■ Your objective
Pictures don't belong in the copy; print all the records exactly.

■ Data listing
********

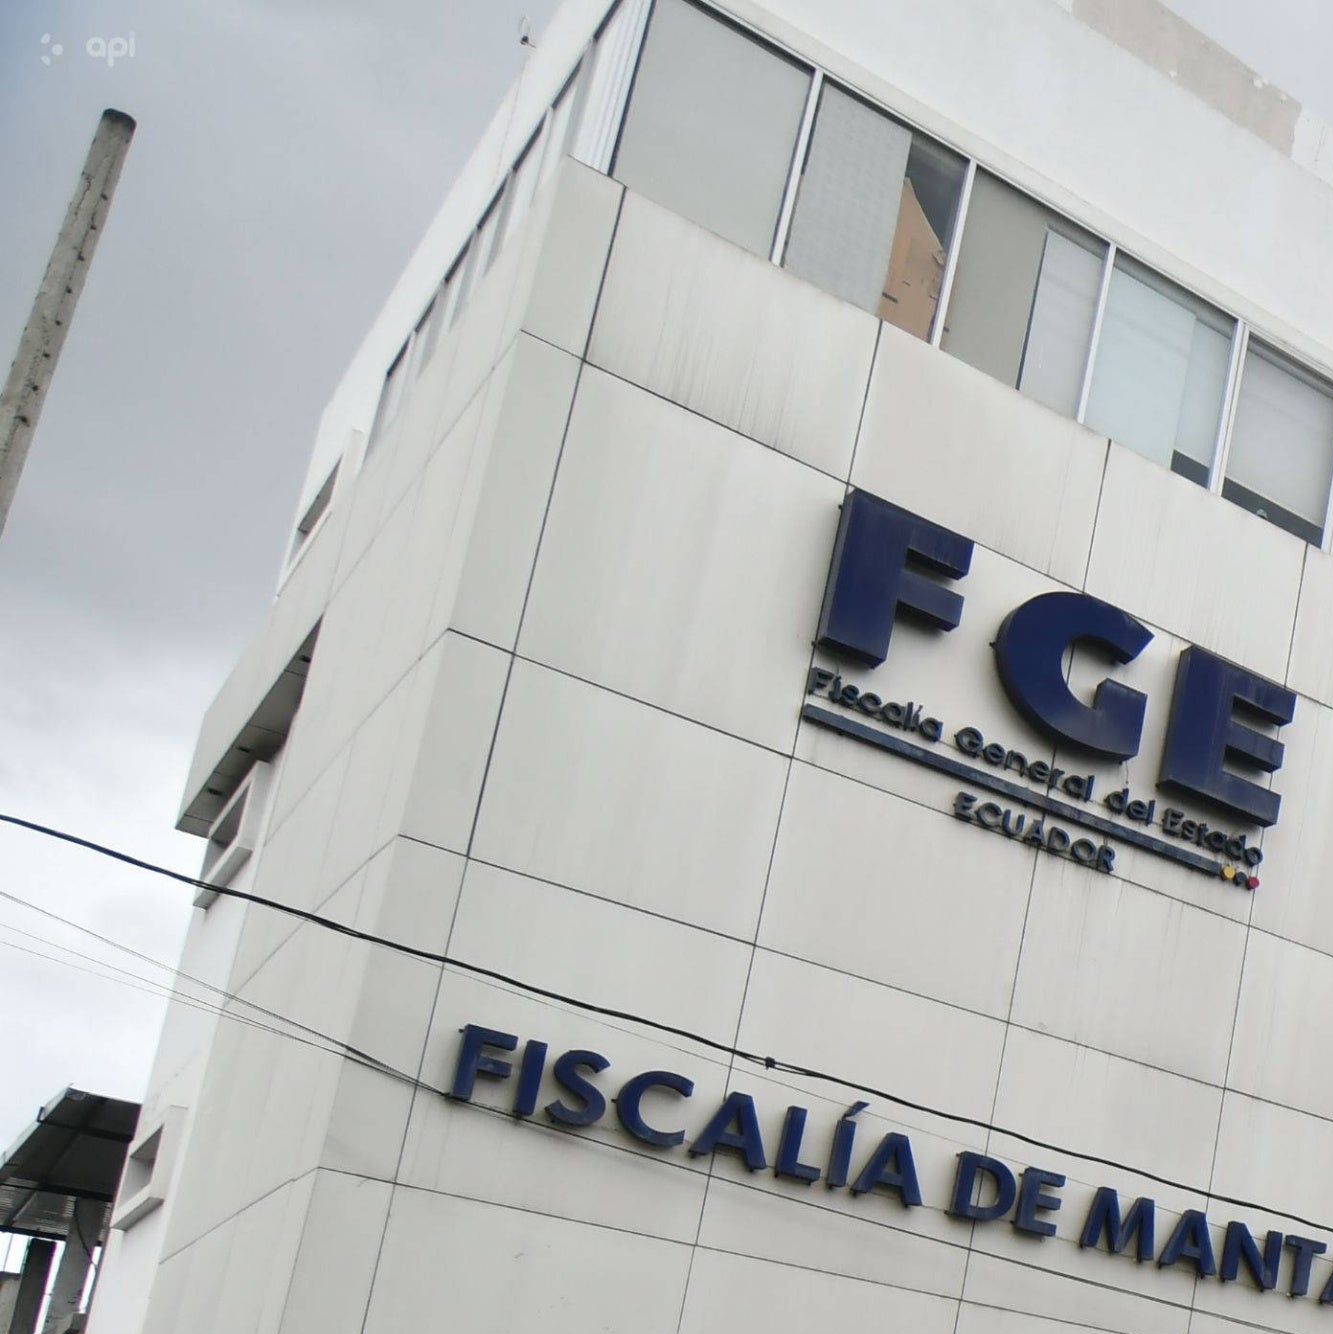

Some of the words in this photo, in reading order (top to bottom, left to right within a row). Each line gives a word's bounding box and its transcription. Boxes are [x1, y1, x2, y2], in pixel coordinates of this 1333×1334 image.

[817, 487, 1298, 829] FGE
[808, 666, 943, 742] Fiscalía
[954, 727, 1094, 802] General
[1105, 787, 1155, 826] del
[1163, 807, 1263, 868] Estado
[953, 791, 1115, 873] ECUADOR
[448, 1024, 922, 1208] FISCALÍA
[945, 1150, 1067, 1238] DE
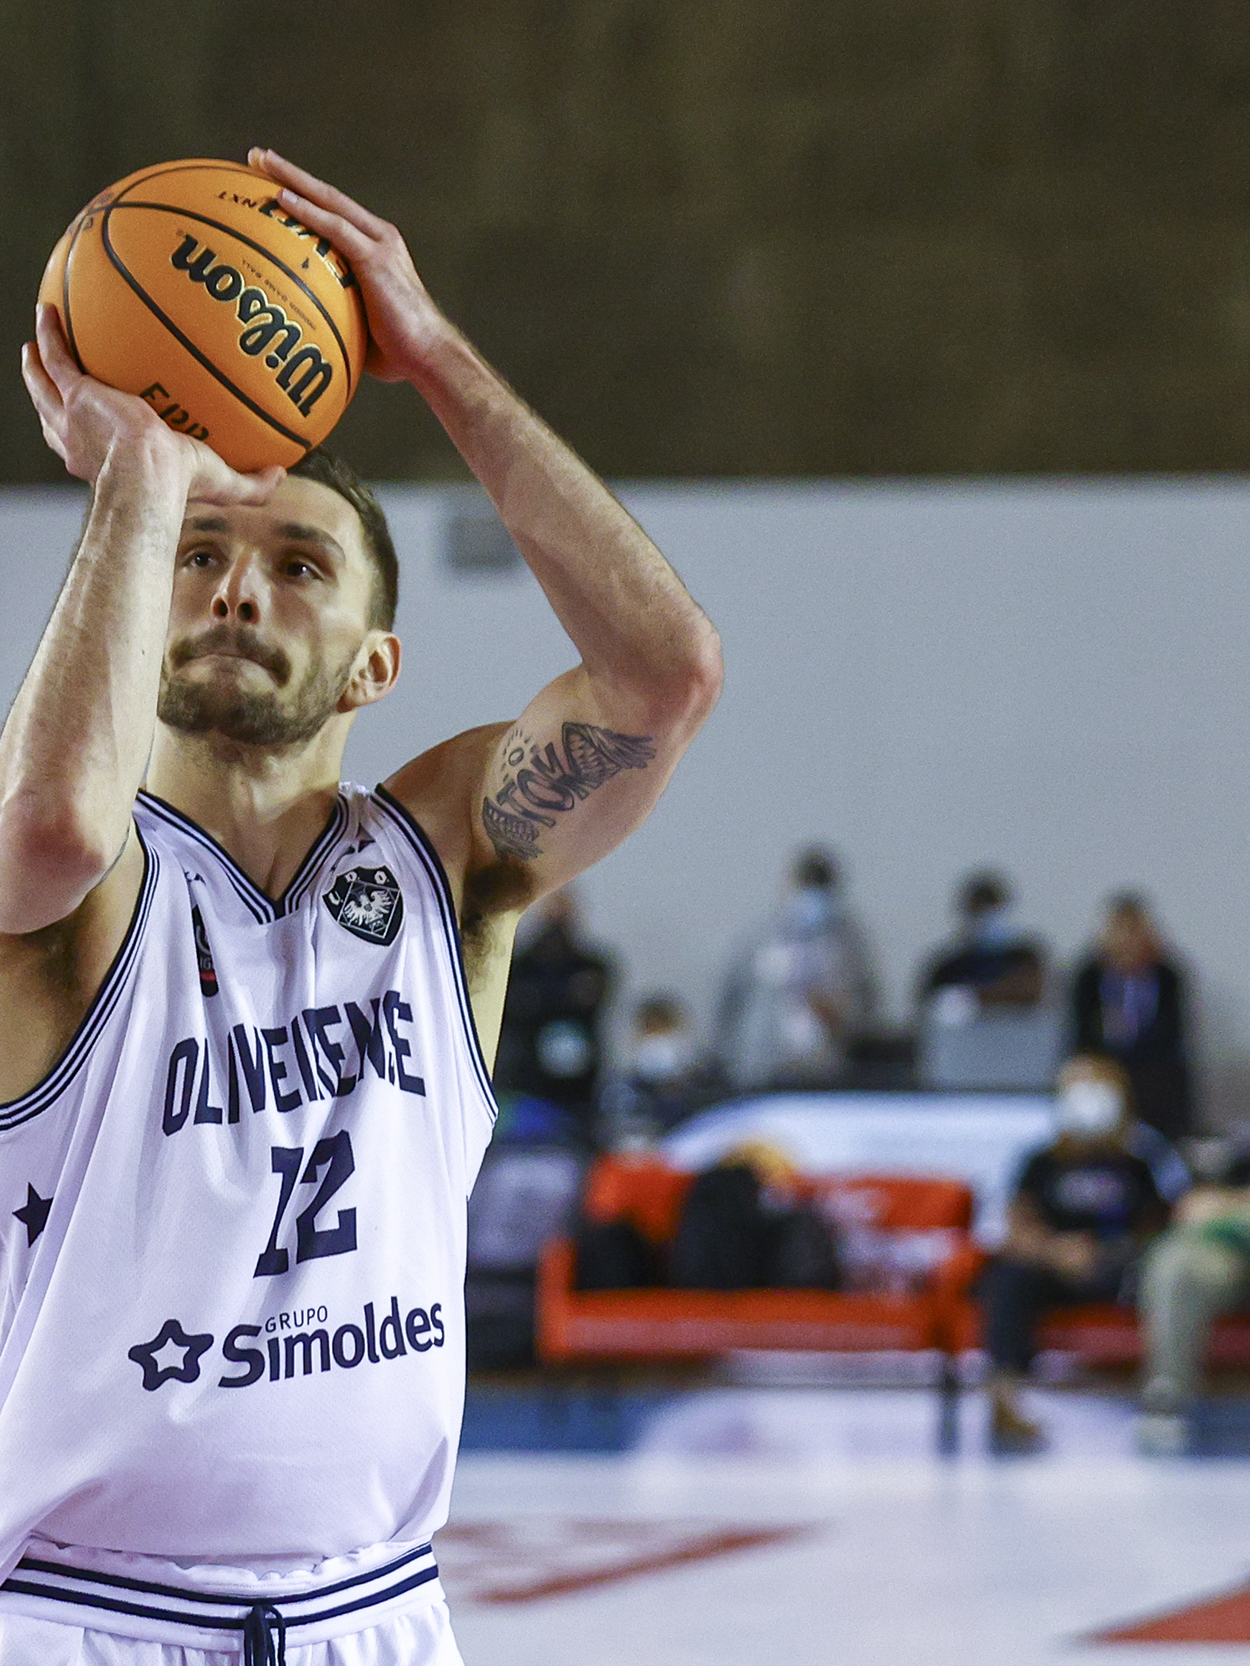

********

■ Finished exercise
Some of the words in this photo, in reading order (top to bottom, left to right within a row). Each line gives a word's bounding box and its transcription. Boxes are [x1, y1, x2, y2], in pixel coordinates of this 1333×1334 image.

[817, 487, 1298, 829] FGE
[808, 666, 943, 742] Fiscalía
[954, 727, 1094, 802] General
[1105, 787, 1155, 826] del
[1163, 807, 1263, 868] Estado
[953, 791, 1115, 873] ECUADOR
[448, 1024, 922, 1208] FISCALÍA
[945, 1150, 1067, 1238] DE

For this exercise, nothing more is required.